The Eagles once sang, “Oh, and it’s a hollow feelin’/When you get down to dealin’ friends…”  They were singing about heartache, but in the business world, there are few things worse than a breach of trust by someone you put in a key position.  When that happens, long-time relationships can end bitterly, and once the lawyers get involved, corporate funds start flying out the door. But I guess, as my late father-in-law often told me, “Business is the process of accumulating whip marks.”  (He was an executive for the old DeLorean Motor Company, so he would have known.)

Example: Without going into too much detail, we have a case in the office right now where an organization hired a President who viewed the place as his personal piggy bank, walking off with almost a million dollars before he got caught.  And over the years, we’ve had to deal with many similar incidents.  That’s why I found the recent Florida case of Brown Jordan Int’l, Inc. v. Carmicle so interesting.  It’s a great study in how things can easily go sideways when you’re not paying attention, especially when times are good.
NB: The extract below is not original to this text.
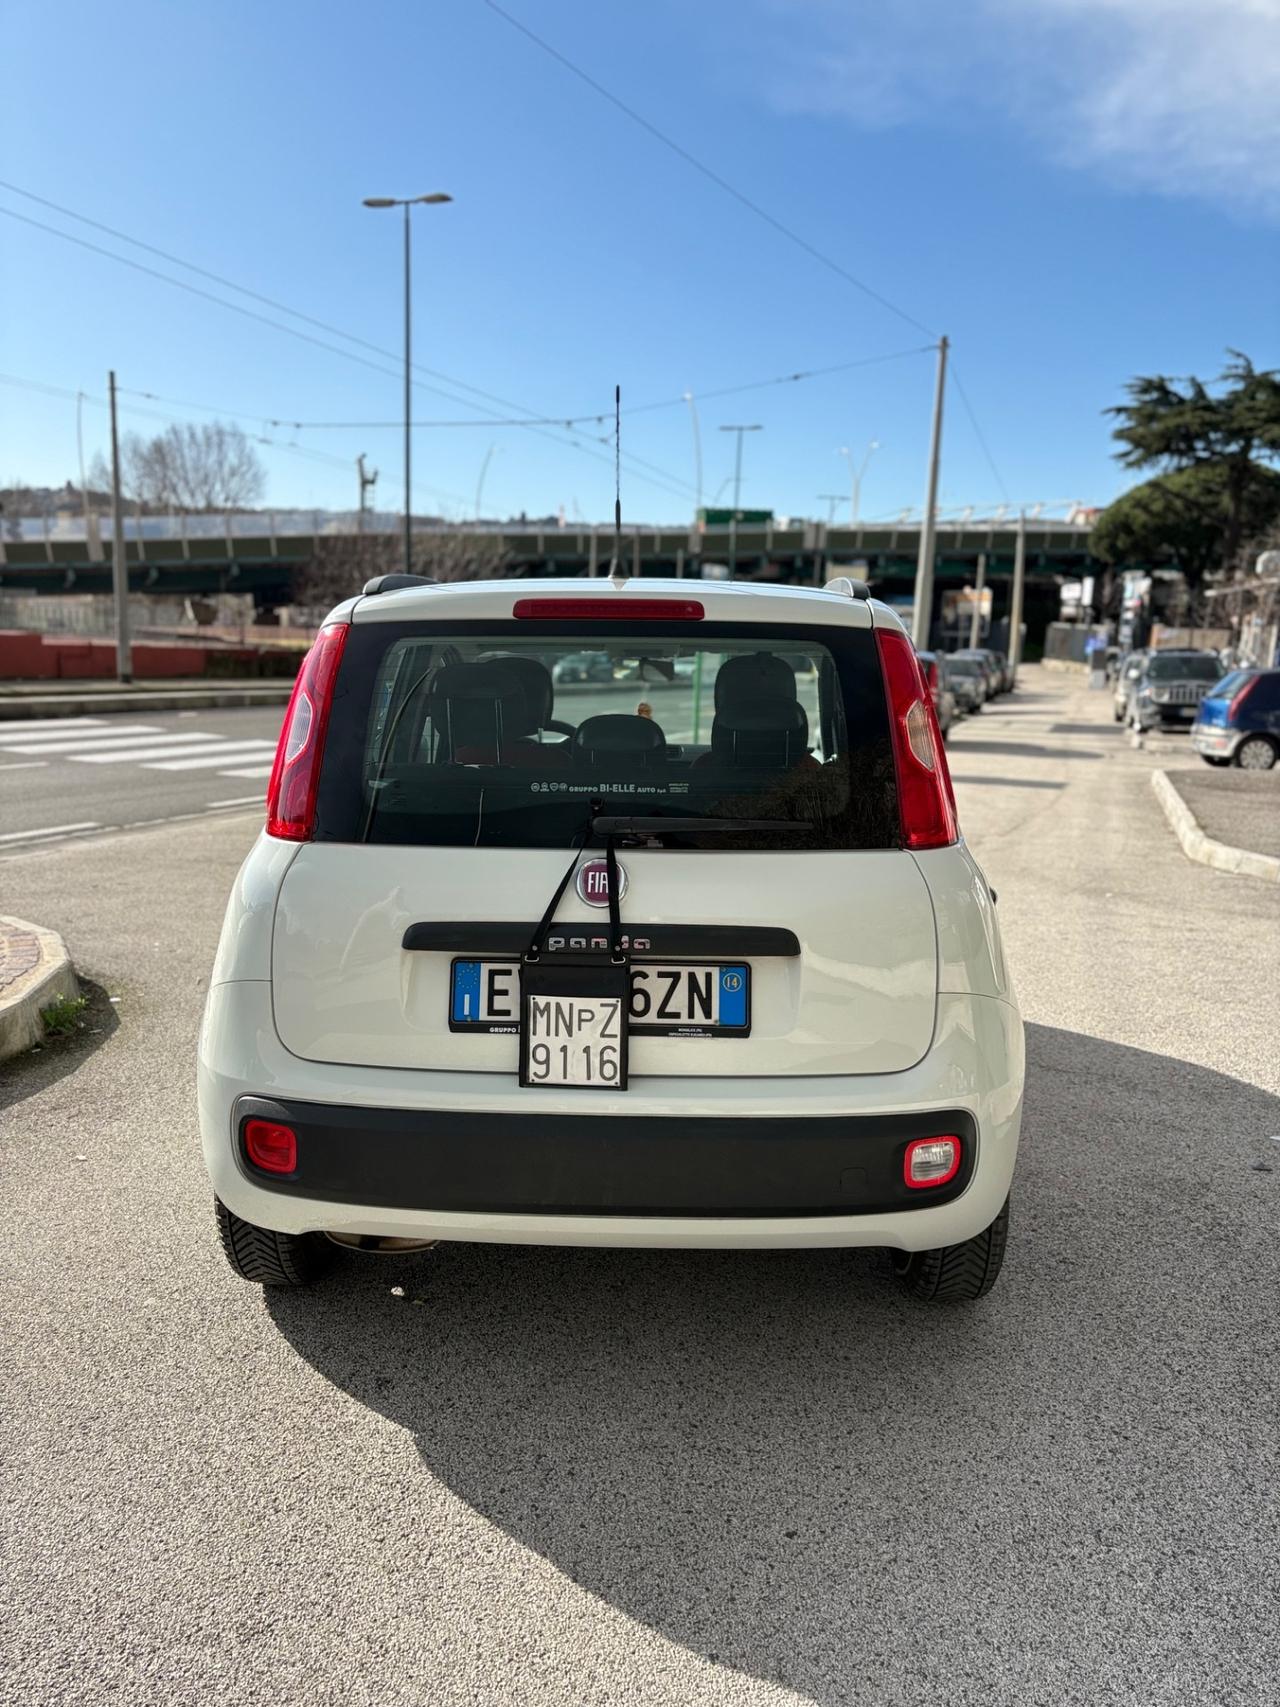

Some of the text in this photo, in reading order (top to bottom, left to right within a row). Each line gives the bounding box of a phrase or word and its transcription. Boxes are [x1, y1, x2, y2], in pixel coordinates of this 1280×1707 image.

[599, 784, 636, 793] BI-ELLE
[587, 871, 609, 893] FIA
[531, 1043, 619, 1081] 9116
Basically, BJI, a furniture manufacturer, hired Carmicle as its Director of New Business Development. His wife, Rashna, later joined BJI as Director of Marketing.  (Yes, that’s a red flag for nepotism.)  Carmicle did well in the organization, becoming Vice-President of Sales, and later, President of a BJI subsidiary (BJS).  But problems eventually developed, such as:

  1. Carmicle keeping his wife on the payroll after she had left the organization, at an eventual rate of $78,000 per year. 
  1. Hundreds of thousands of dollars spent on sporting events, such as University of Louisville football and basketball tickets, without proper documentation. 
  1. Carmicle accessing the computers of other key BJI executives and downloading private e-mails, including e-mails containing sensitive company financial information, without authorization. 
  1. After getting caught, Carmicle destroying or “losing” data on iPhones and iPads, and remotely locking his company computer.
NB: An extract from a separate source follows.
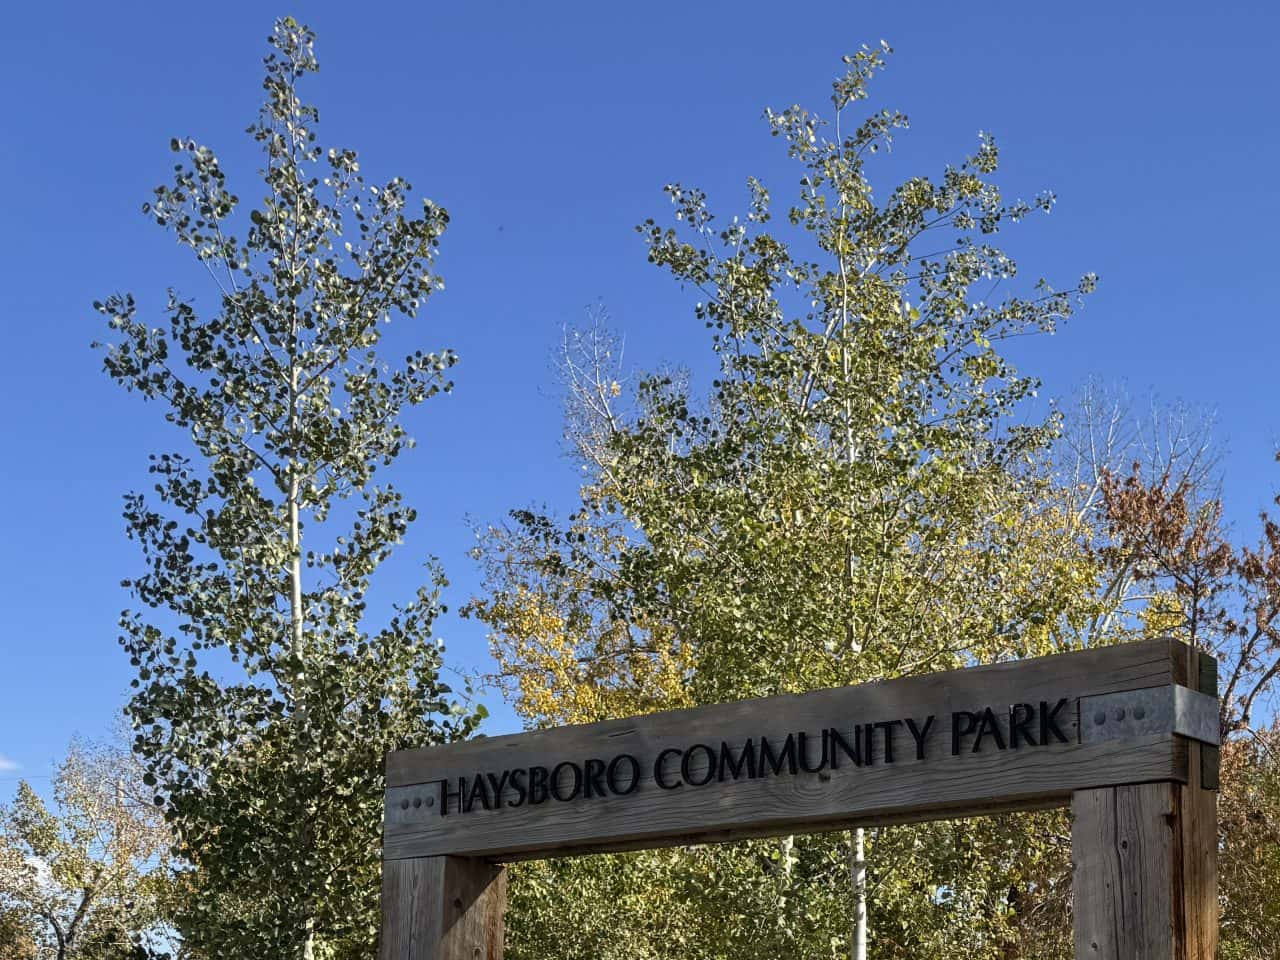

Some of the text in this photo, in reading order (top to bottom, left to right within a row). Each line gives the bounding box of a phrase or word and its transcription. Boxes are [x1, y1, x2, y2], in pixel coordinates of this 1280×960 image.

[440, 698, 1069, 816] HAYSBORO COMMUNITY PARK
Now, I obviously wasn’t there, so I can only go on what the Court’s decision says (and assume it’s true). But here are a few glaring mistakes that I believe were made in this case (and other similar cases in which I’ve been involved):

  1. Letting a serious problem with an employee fester by giving “second chances.” Look, nobody (except a sociopath) likes to fire people. So we avoid it, because it’s unpleasant.  But I was struck by the fact that the organization’s CEO had a discussion with Carmicle, that the CEO described as “pretty direct.” According to the Court: “Moriarty [the CEO] claims to have made it clear during this conversation that Carmicle’s actions warranted termination for cause of his employment, but that Moriarty decided to give Carmicle a second chance because he believed Carmicle learned from his mistake. While there is no written evidence of this communication, [the company’s General Counsel] testified that Moriarty generally prefers to communicate verbally, whether in person or over the phone, and does not put much in writing.”  (Emphasis mine.) I don’t want to sound unduly harsh, but once an employee has stolen from the organization, or has substantially underperformed, there can be no “second chances.” Granting “second chances” puts the organization at risk, because there’s a high likelihood of recidivism. Also, as for not putting things in writing, keep in mind that, in litigation, the side with the most notes about critical conversations usually wins.  By waiting too long, the company allowed Carmicle (who saw the handwriting on the wall) to send a letter to management when his firing was imminent, claiming that he was a whistleblower because he had discovered certain financial improprieties in the books and records of the organization. (Apparently, there was one set of internal books, but another set of financials that were prepared for a potential buyer.) That, of course, allowed Carmicle to claim wrongful termination when he was eventually fired.  
  1. Failure to set and follow proper internal standards. The decision in this case refers to the internal procedures and controls that were ignored.  For example, the organization was supposed to set up a procedure for annual approval and documentation of entertainment expenditures, but no one ever followed up. The Court noted: “Moriarty never received a written request for approval of ticket expenditures after December 2011, and no procedure for annual approval and documentation of such expenditures was ever established.”  Trust me, plaintiffs’ lawyers love nothing more than (A) no standards at all, or even better, (B) the failure to follow written standards or promises. 
  1. Lack of accountability. This is closely related to the preceding point on internal standards.  Lack of accountability (especially at the highest levels) breeds the opportunity for fraud.   Remember the movie “Casino,” where Robert DeNiro’s character talks about the “Eye in the Sky”?  (You can watch a clip here.) You don’t have to be quite that paranoid, but there has to be a system of proper supervision.   Along these lines, when my wife worked on Wall Street years ago, she was required to take a two-week vacation every year, no matter what. That seems very generous and altruistic, but the reason was so that all of her files could be reviewed and audited, including the electronic files she generated. Something to think about. 
  1. Lack of IT security. Carmicle was able to access the companywide private email system because, in connection with a changeover to Office 365, he received a generic password that allowed him to get into everyone’s private accounts. In addition, when things started going sideways, and even after he was terminated, he maintained the ability to access hardware from off-site, and lock it or wipe it. Before any key employee is terminated (actually, before any employee is terminated), the first step should be to consult with your IT department or IT professionals to ensure that the system is secure, and that the departing employee no longer has access, immediately upon termination.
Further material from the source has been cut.